Barbera: Unlike Barolo and Barbaresco, which are Piedmont wines named for the place they came from, Barbera is the name of a grape. This grape is widely planted in the north of Italy and possibly reaches its greatest expression in Piedmont. Particularly the Barbera d'Alba and Barbera d'Asti are famous versions which can be sublime. The wines tend to be fruitier, riper and less tannic than Nebbiolo but still with a meaty complexity to the flavors. Young they taste more generous and fleshy. They are excellent food wines. Made from similar vineyards, there are many similarities to Barolo although these tend to lack some of the depth and longevity of the best Barolo. For this reason they tend to be much less expensive and are an excellent option as a "poor man's Barolo". For example, Bruno Giacosa, one of the best producers in Piedmont and the world, produces a single-vineyard Barbera from the Falletto vineyards which typically runs around $30-40. However, his Barolo, from the same vineyard, can fetch several hundreds of dollars!

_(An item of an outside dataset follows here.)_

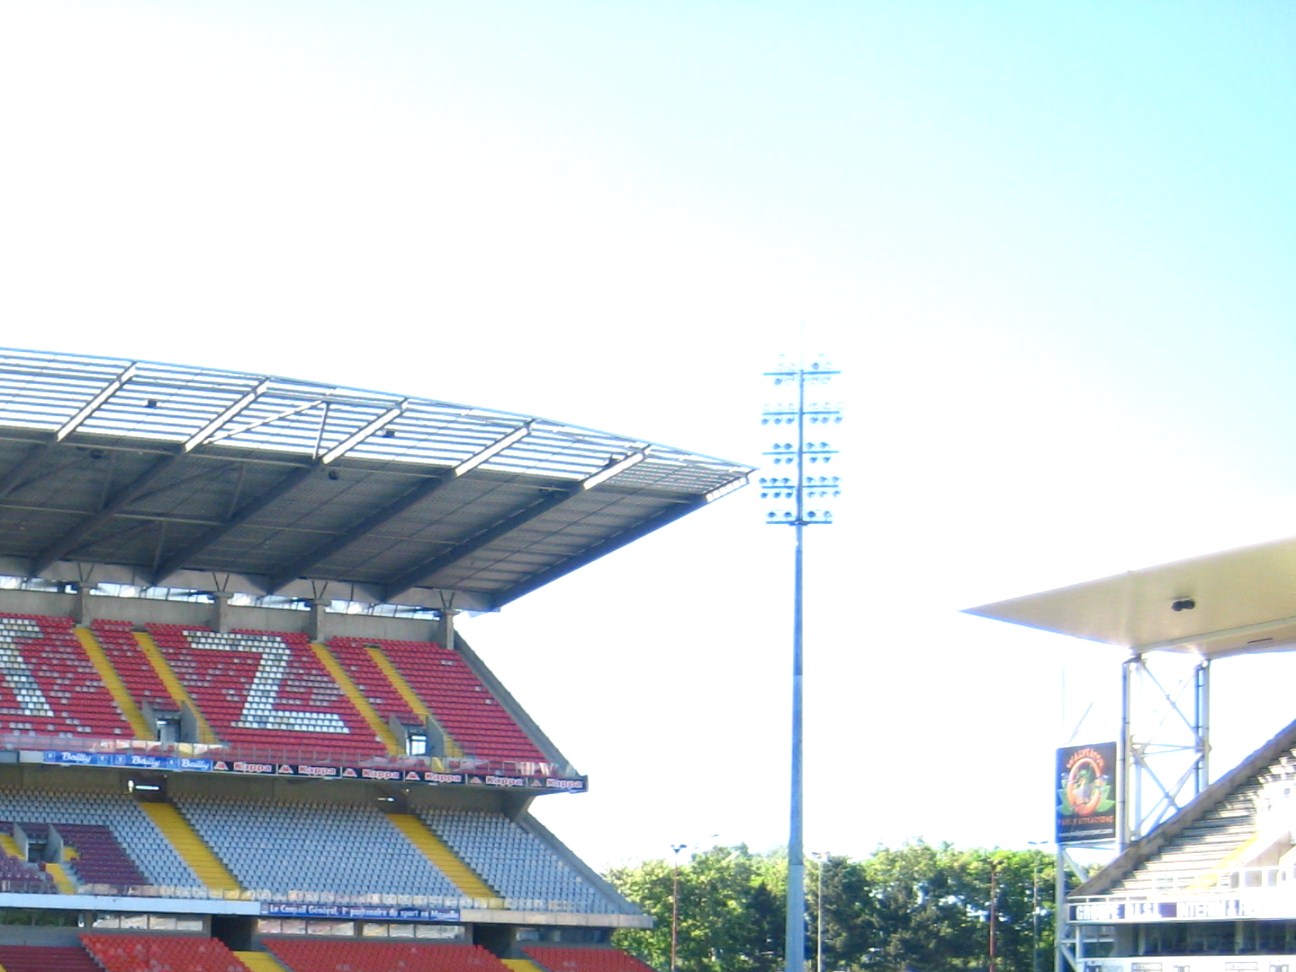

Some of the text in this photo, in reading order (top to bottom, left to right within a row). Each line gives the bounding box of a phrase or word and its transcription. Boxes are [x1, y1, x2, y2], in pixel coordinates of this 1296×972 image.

Dolcetto: Again, Dolcetto is the name of a grape. It is also widely planted in Piedmont and makes wines that are even more fruity and lighter than Barbera. They can be great, simple and refreshing food wines and tend to be quite inexpensive. If I had to compare it to something better know, they can be similar to Beaujolais from France, with similar juicy, ripe fruit but with an Italian touch. They are best drunk young and make good everyday drinking wines.
Moscato d'Asti: Moscato is a white grape, the same grape as Muscat in France, which is vinified in many ways in different regions. However, it has an affinity for making sweet or slightly sweet wines. The Moscato d'Asti, made near Asti in Piedmont, is a famous example and is both slightly sweet and has a slight sparkle to it as well. Most are frizzante with just a slight sparkle while a few are spumante with bubbles approaching the level of Champagne and other sparkling wines. These are all relatively inexpensive. While poor examples can be cloying, simplistic and boring, the best have a great energy and fresh fruitiness which is fun and refreshing. If you are a guy trying to seduce a lady, I haven't met a woman who doesn't go gaga over these slightly sweet, slightly sparkling wines!
Arneis: Arneis is another white grape grown in Piedmont. The wines are dry and vibrant with minerality and rich fruit flavors.
Other Piedmont Wines and Regions: There are several other wines and sub-regions in Piedmont, to many to cover them all here. Some, like Gattinara and Ghemme, make wines largely from Nebbiolo, sometimes blended with some other grapes. They can have characteristics similar to Barolo and Barbaresco. Some wines are simply labelled as the grape, such as Nebbiolo d'Alba, often produced as a second wine or more inexpensive wine alongside their Barolo. The Cortese grape in Gavi produces another dry, vibrant white wine.